I mean, if you feel blue do you go for something darker, or lighter when you’re happy?
NK – Great question. I would say that the mood of my LUTs is more often affected by the mood of the projects I’m working on than my own personal state of mind. For instance, if I’m working on a film noir, I will likely have all sorts of ideas for punchy black and white looks floating around, many of which will use different techniques to evoke different moods within the genre. While I’m in that headspace, I’m definitely inspired to translate some of those ideas into actual LUTs, and this approach is ultimately what inspired many of the LUTs in my current packs.
You mention that your LUTs are for everybody to try. For someone just starting, how does a LUT work?
NK – Creative LUTs like the ones that I offer, give filmmakers and colorists a simple and highly effective way to create bold looks in the edit suite while saving time during the final stages of post. They can be just as effective for both experienced colorists and filmmakers with very little working knowledge of color. For instance, filmmakers who don’t have a strong knowledge of color correction can use these LUTs to confidently add stylized looks to their footage right in their editing software with minimal effort and time.
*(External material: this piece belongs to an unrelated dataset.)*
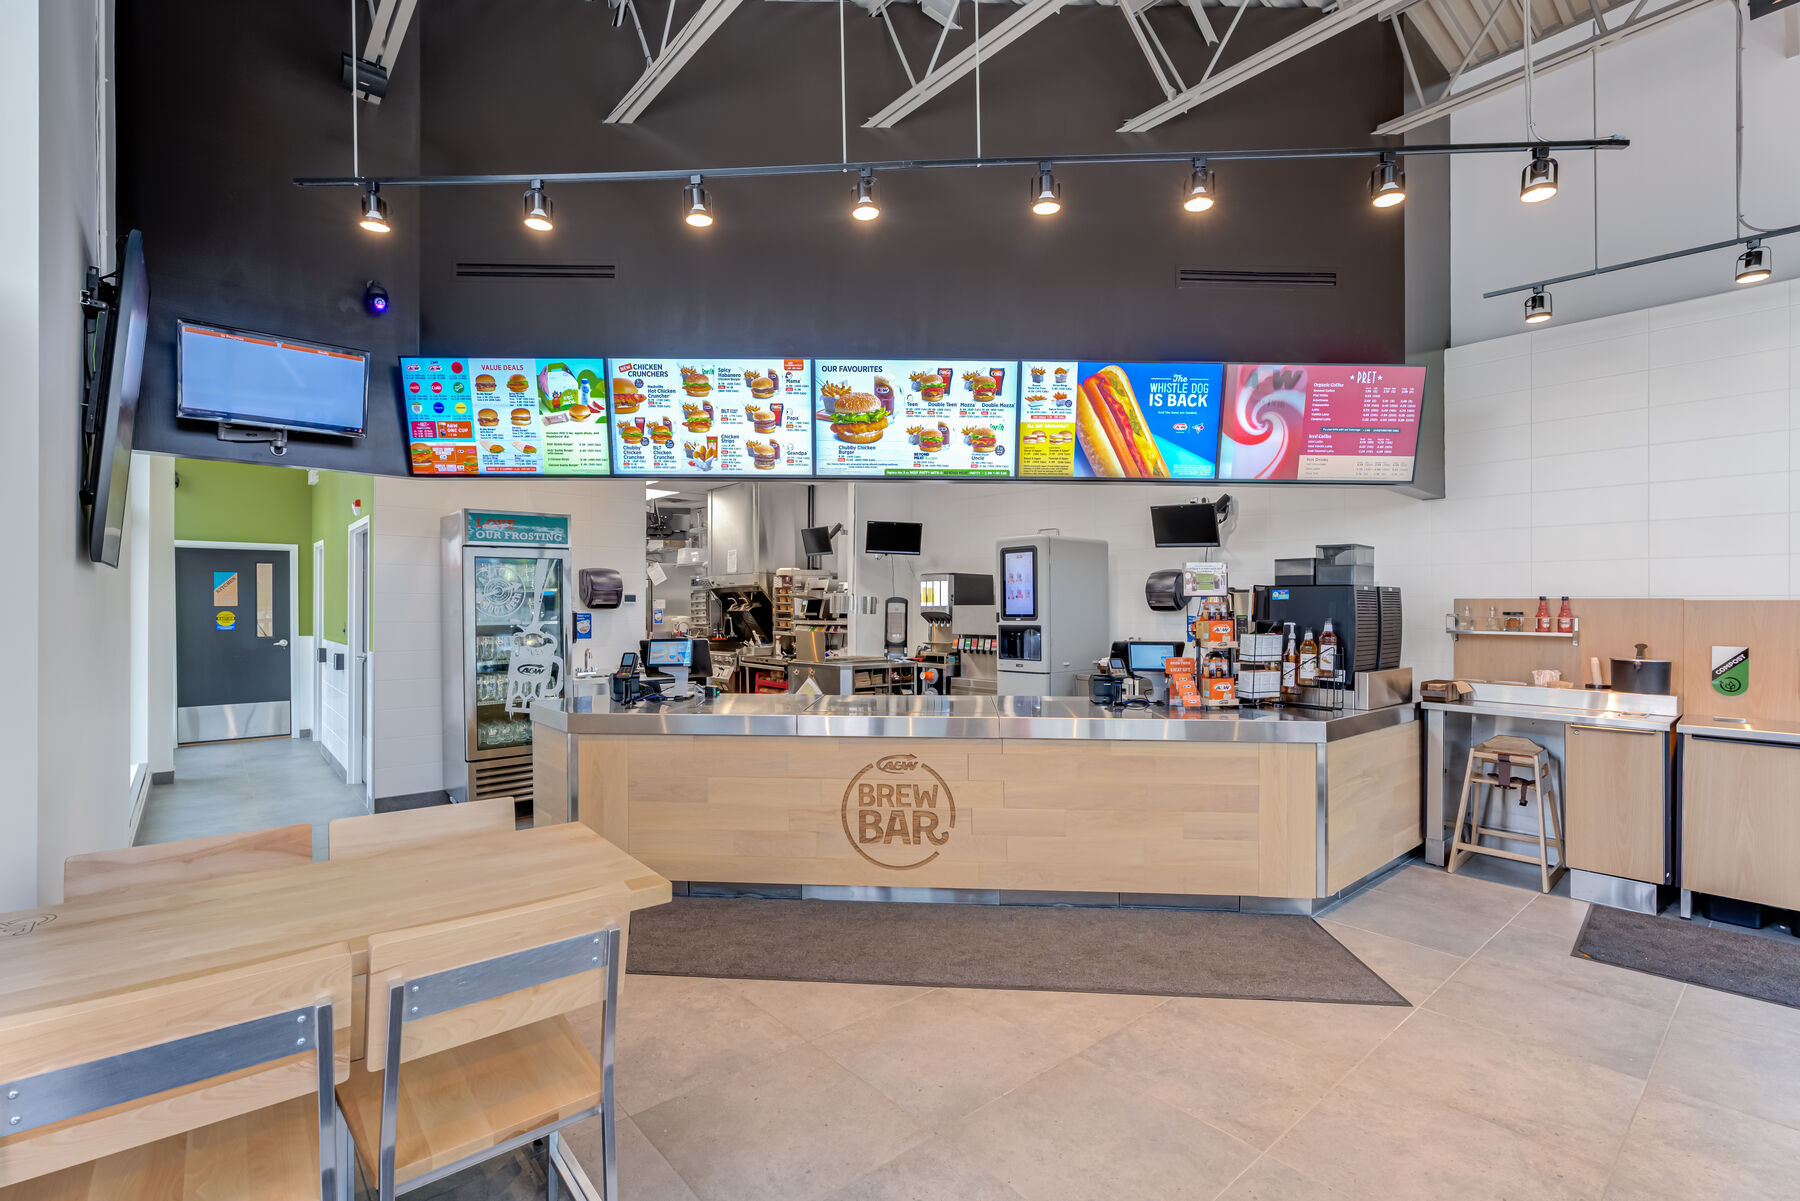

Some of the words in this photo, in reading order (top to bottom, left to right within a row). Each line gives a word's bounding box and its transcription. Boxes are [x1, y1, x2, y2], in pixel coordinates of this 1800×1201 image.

On the other hand, an experienced colorist can use these LUTs in a different way, either by customizing their effects in their color correction software, layering them on top of other grades, or simply using them as creative inspiration to share with clients as they start to develop a visual language together.
Is the use of LUTS a “scientific” thing or a mix of feelings/technique?
NK – On the user end, LUTs are very much a mix of feelings and technique. Picking the right LUT for your scene or film always comes down to mood and feeling above all else. On the most basic level, a cold look is going to give a very different feeling than a warm look, as you would imagine. That said, in order to get the absolute best results when using any LUT, technique comes into play as well. Most importantly, it’s always ideal for filmmakers to fix any errors in their footage (white balance issues, exposure problems, etc.) before applying any creative LUT. By doing so, they will get the most consistent and visually appealing final product.
So there you have it: an explanation about the Cinematic LUTs by their author, Noam Kroll. The LUTs are available at $36 per pack or at a special price of $89 if you buy the three packs. With your pack you receive a 4 page PDF with instructions for installing and applying your LUT files in various software programs, including: DaVinci Resolve, Adobe Premiere Pro, Final Cut Pro X, Avid Media Composer, and Adobe Photoshop.